With thousands of participants, this is not something that will happen in a single building. It is a "very decentralized" [tabletop] two-day exercise, explained Lawrence. “We can only get away with about two days of focused attention from utilities, because we're not paying anyone to do this, not ordering anyone. It's all voluntary.”
The two days are broken into four hour chunks called “moves," during which information about the simulated attack will be sent out. And this year the exercise has been expanded to include something called "Move 0," where NERC will provide some training as well.
“If we prepare the defenders to recognize characteristics of those attacks, they might be able to break the kill chain,” Lawrence said. "There is a cyber and physical kill chain, and if you stop the attack in one place along the way, they wont be able to successfully implement their attack.
But not this time, however. By design, the GridEx "attack" will be successful.
"It really is a worst case scenario exercise," Lawrence said. "We design it to be extremely challenging."

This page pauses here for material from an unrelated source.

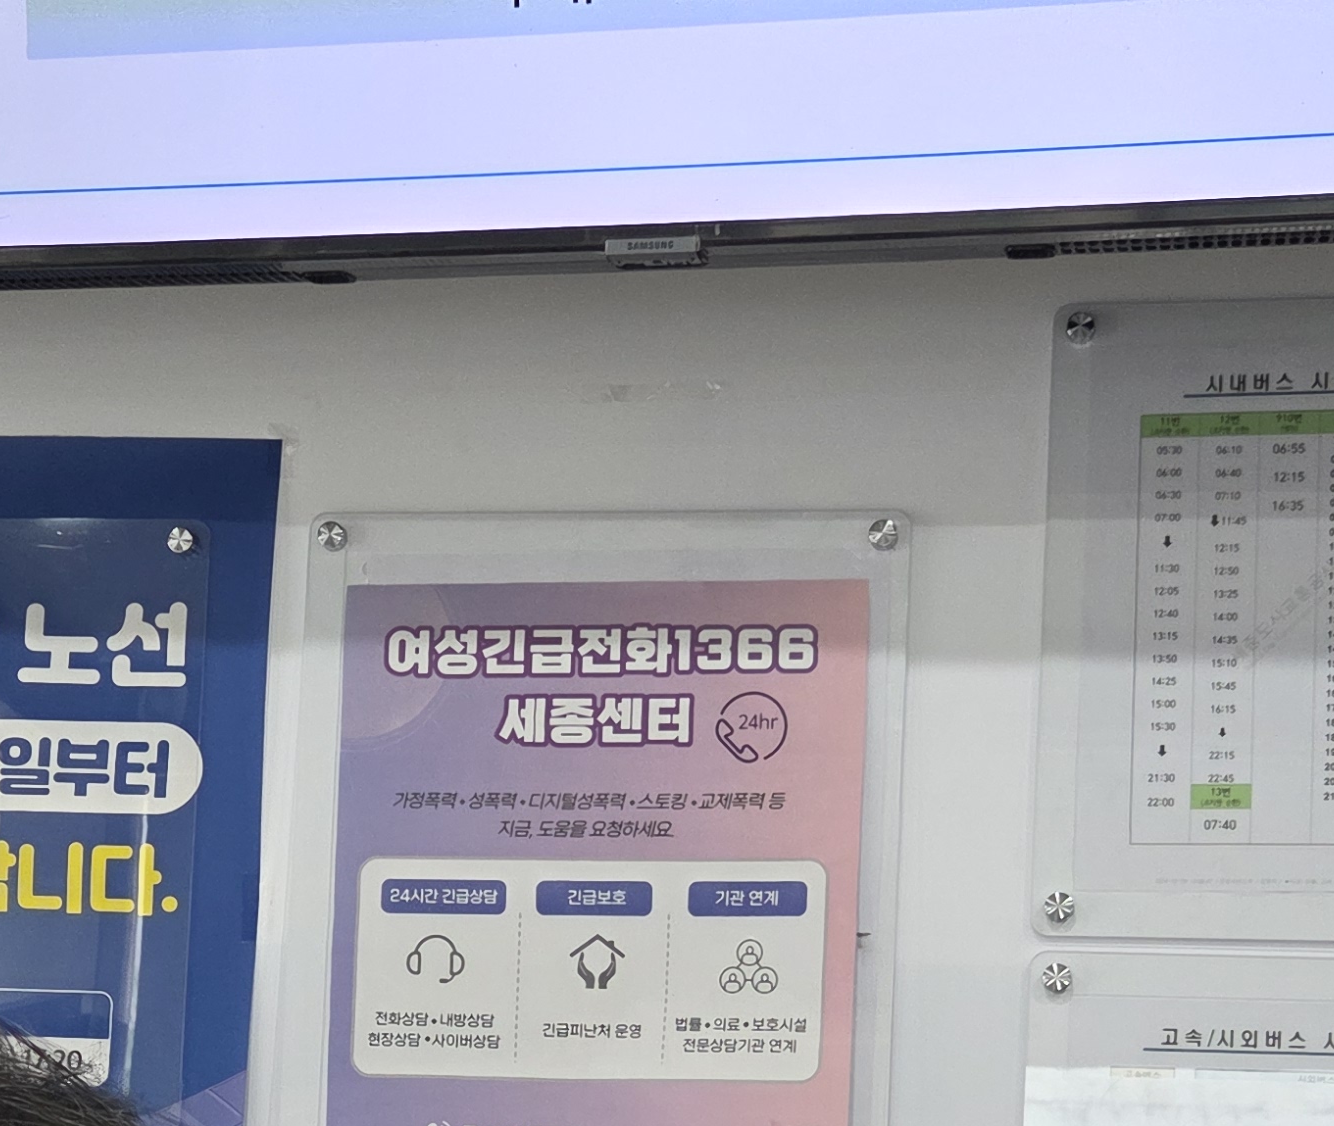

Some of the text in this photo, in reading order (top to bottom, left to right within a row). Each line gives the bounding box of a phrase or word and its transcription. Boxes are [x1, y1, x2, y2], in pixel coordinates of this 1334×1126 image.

In this instance, the attack will be a joint cyber-physical assault on the grid. Lawrence said that if a a group or nation was determined to inflict widespread damage, it would take more than a single technique or point of entry.

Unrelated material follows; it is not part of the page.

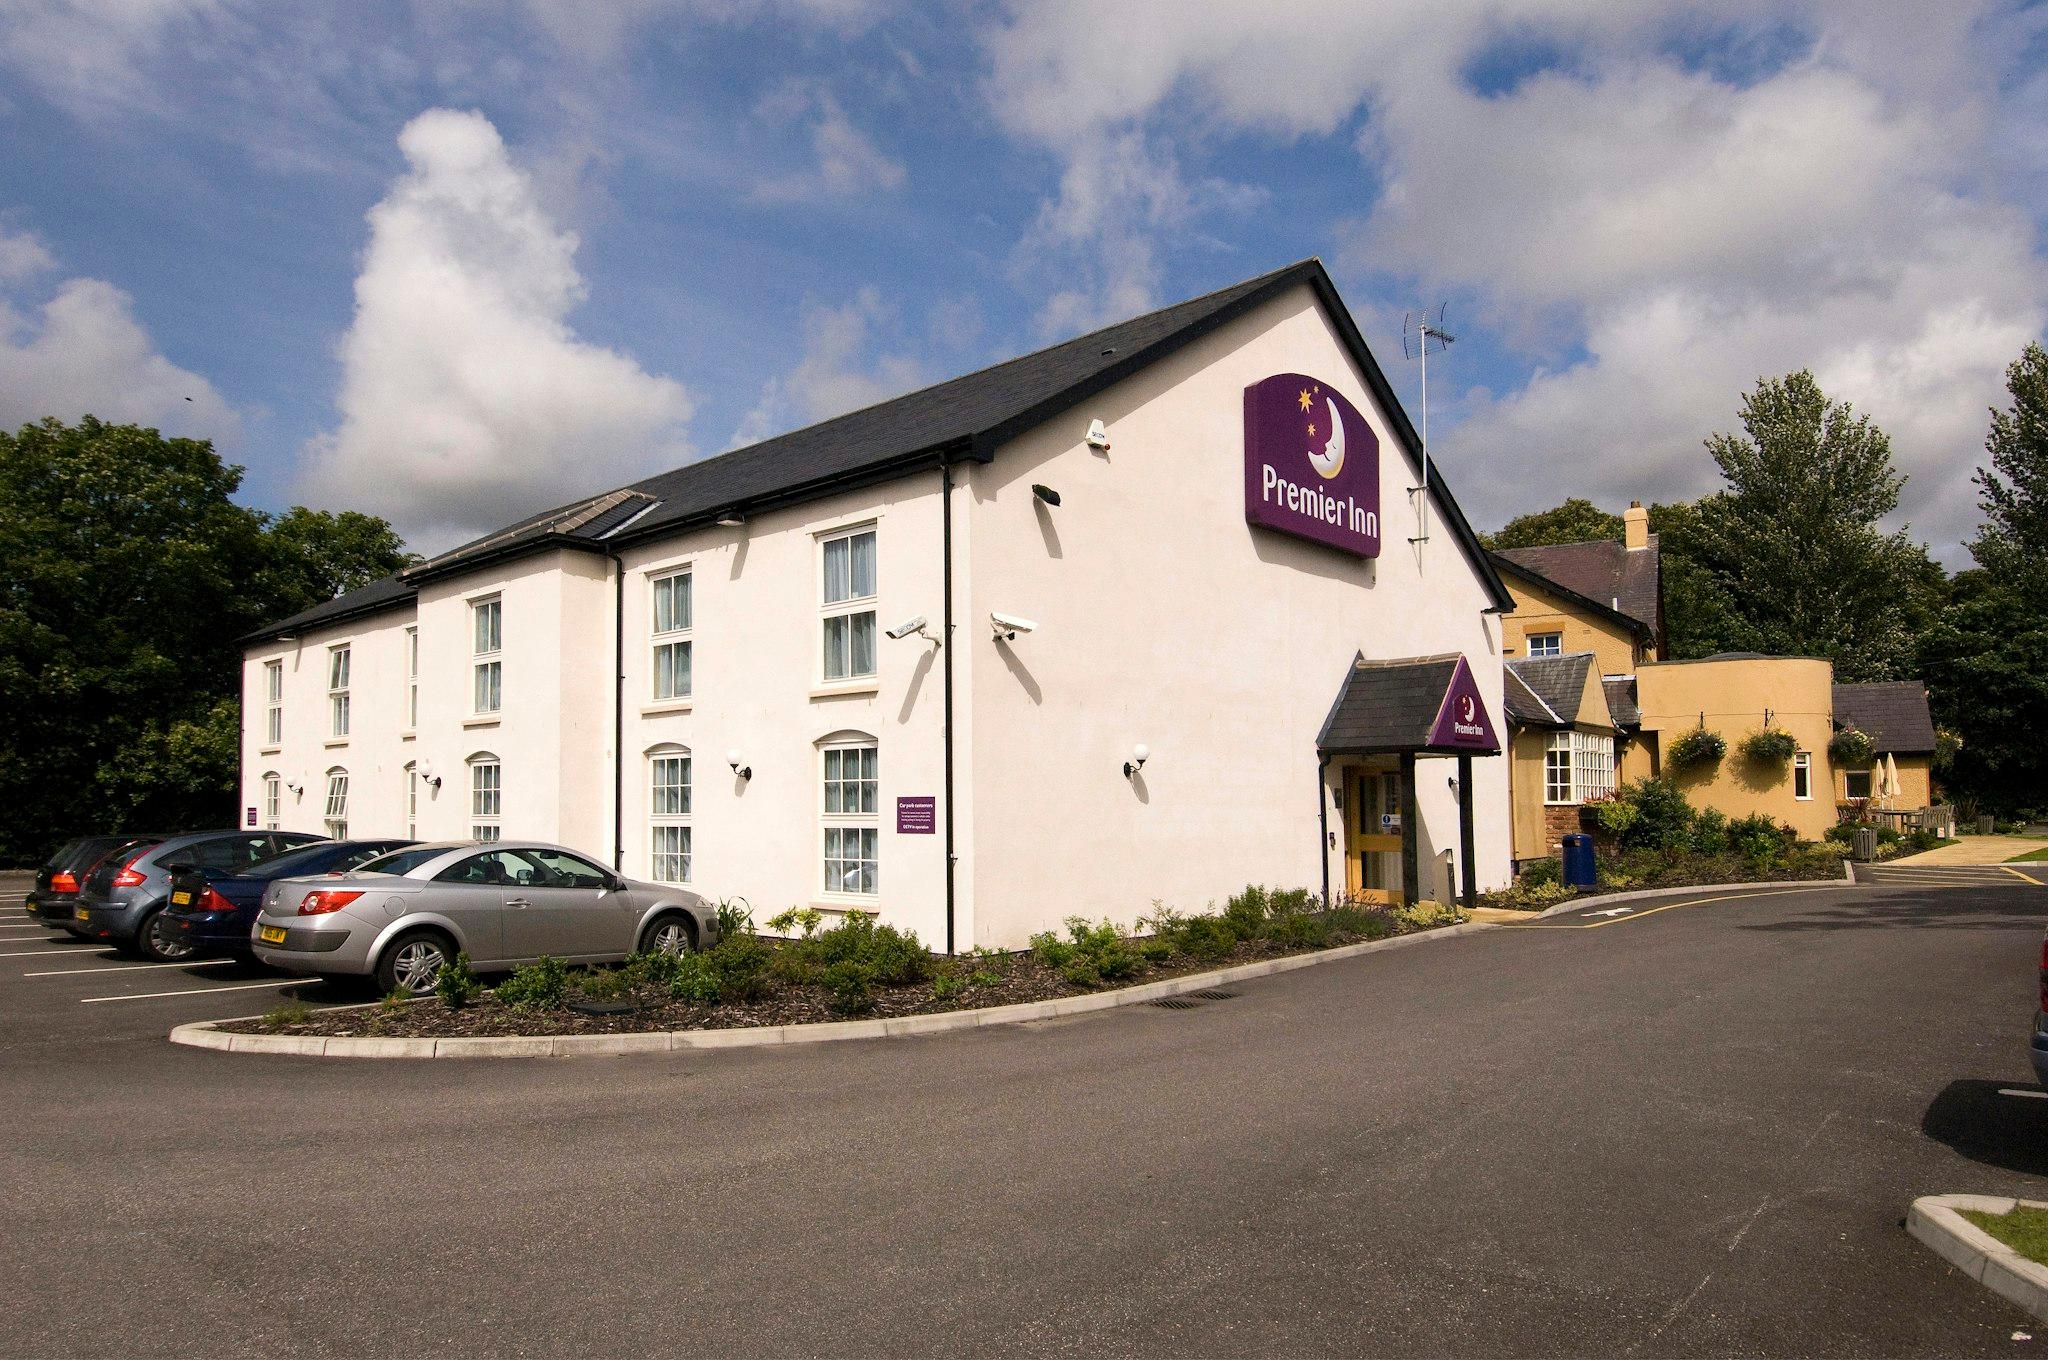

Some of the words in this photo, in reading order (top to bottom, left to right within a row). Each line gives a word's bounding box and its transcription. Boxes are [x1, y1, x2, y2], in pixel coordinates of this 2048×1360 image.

"If an adversary was really looking to devote a lot of planning, resources and time to coordinate an attack that would have wide ranging impacts on the North American grid, they'd want to use multiple avenues," he said.
It takes about two years to prepare for the GridEx event, and Lawrence said NERC is already planning on how to make GridEx V even more challenging and relevant for the industry. "We consider other high-impact, low-frequency threats out there, but the one we think our adversaries have shown the capability of doing ... involves not only cyber but also physical attacks against infrastructure."

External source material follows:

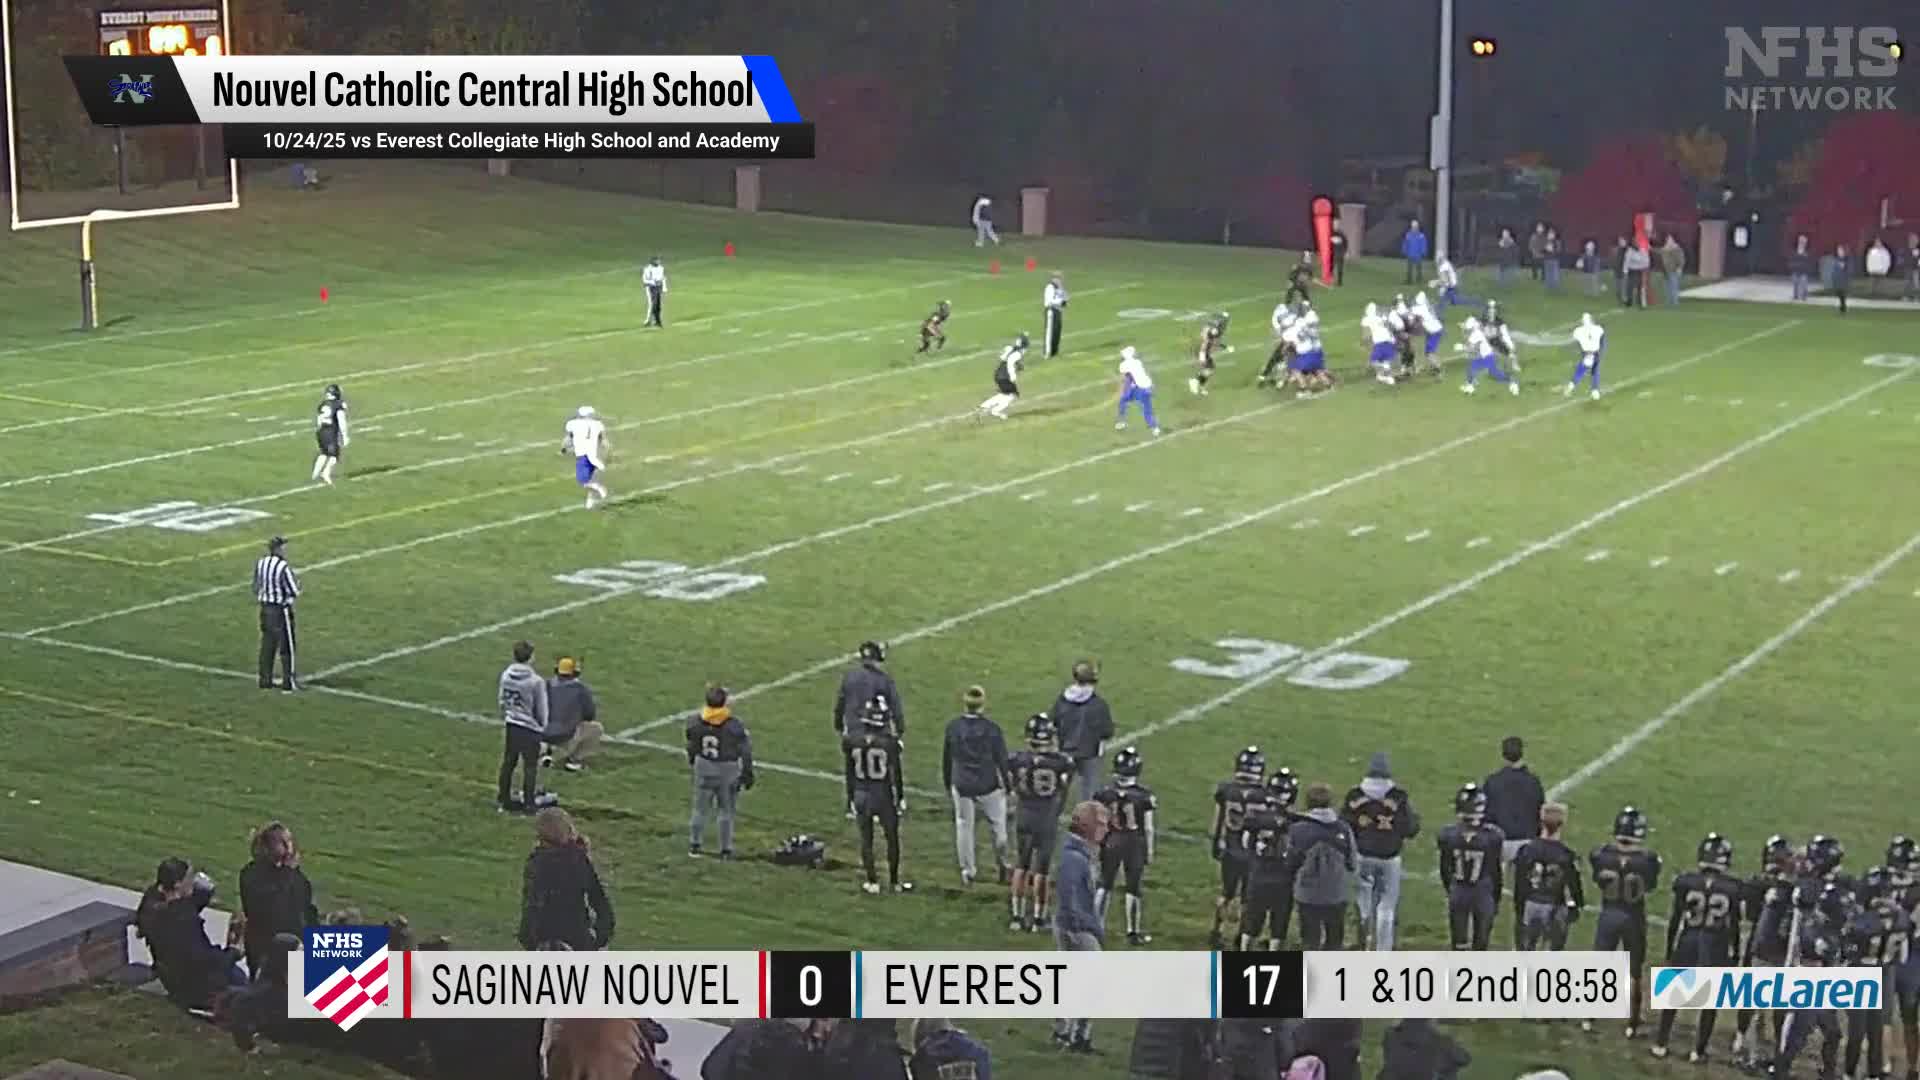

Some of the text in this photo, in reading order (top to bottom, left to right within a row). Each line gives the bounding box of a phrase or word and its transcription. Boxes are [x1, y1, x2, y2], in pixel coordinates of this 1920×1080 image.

[1168, 638, 1412, 690] 30
[851, 747, 888, 780] 10
[1453, 848, 1485, 882] 17
[1685, 890, 1730, 928] 32

Once the event kicks off on Wednesday, "we throw all of that at a utility," Lawrence said. "They all have physical security and cyber programs. A robust threat forces them to communicate across different silos. Sometimes, the physical security folks don't really talk to the IT infrastructure folks. And a virus on the system may mean shutting down some things, turning off systems, that the physical infrastructure folks need for visibility."
"It is a great opportunity for everybody to understand what piece of security they provide," Lawrence said. It also bring in the C-suite and crisis communications teams, to work on messaging as if they were really talking to their customers.
Ideally, these crisis preparations would never see the light of day in a real-world scenario. But that is increasingly unlikely, as the sophistication of attacks rises. While the utility industry in this country has been spared the worst, from the 2014 North Korea-Sony hack to this year's WannaCry ransomware, the writing is on the wall.
"Nothing that's happened in the world so far has been surprise to anyone who has participated in GridEx," Lawrence said. Asked if a successful attack is essentially inevitable, he hedged.
"Never say never. But for someone to reach out and do something on a scale that would impact a large piece of the grid is an extremely challenging problem for them."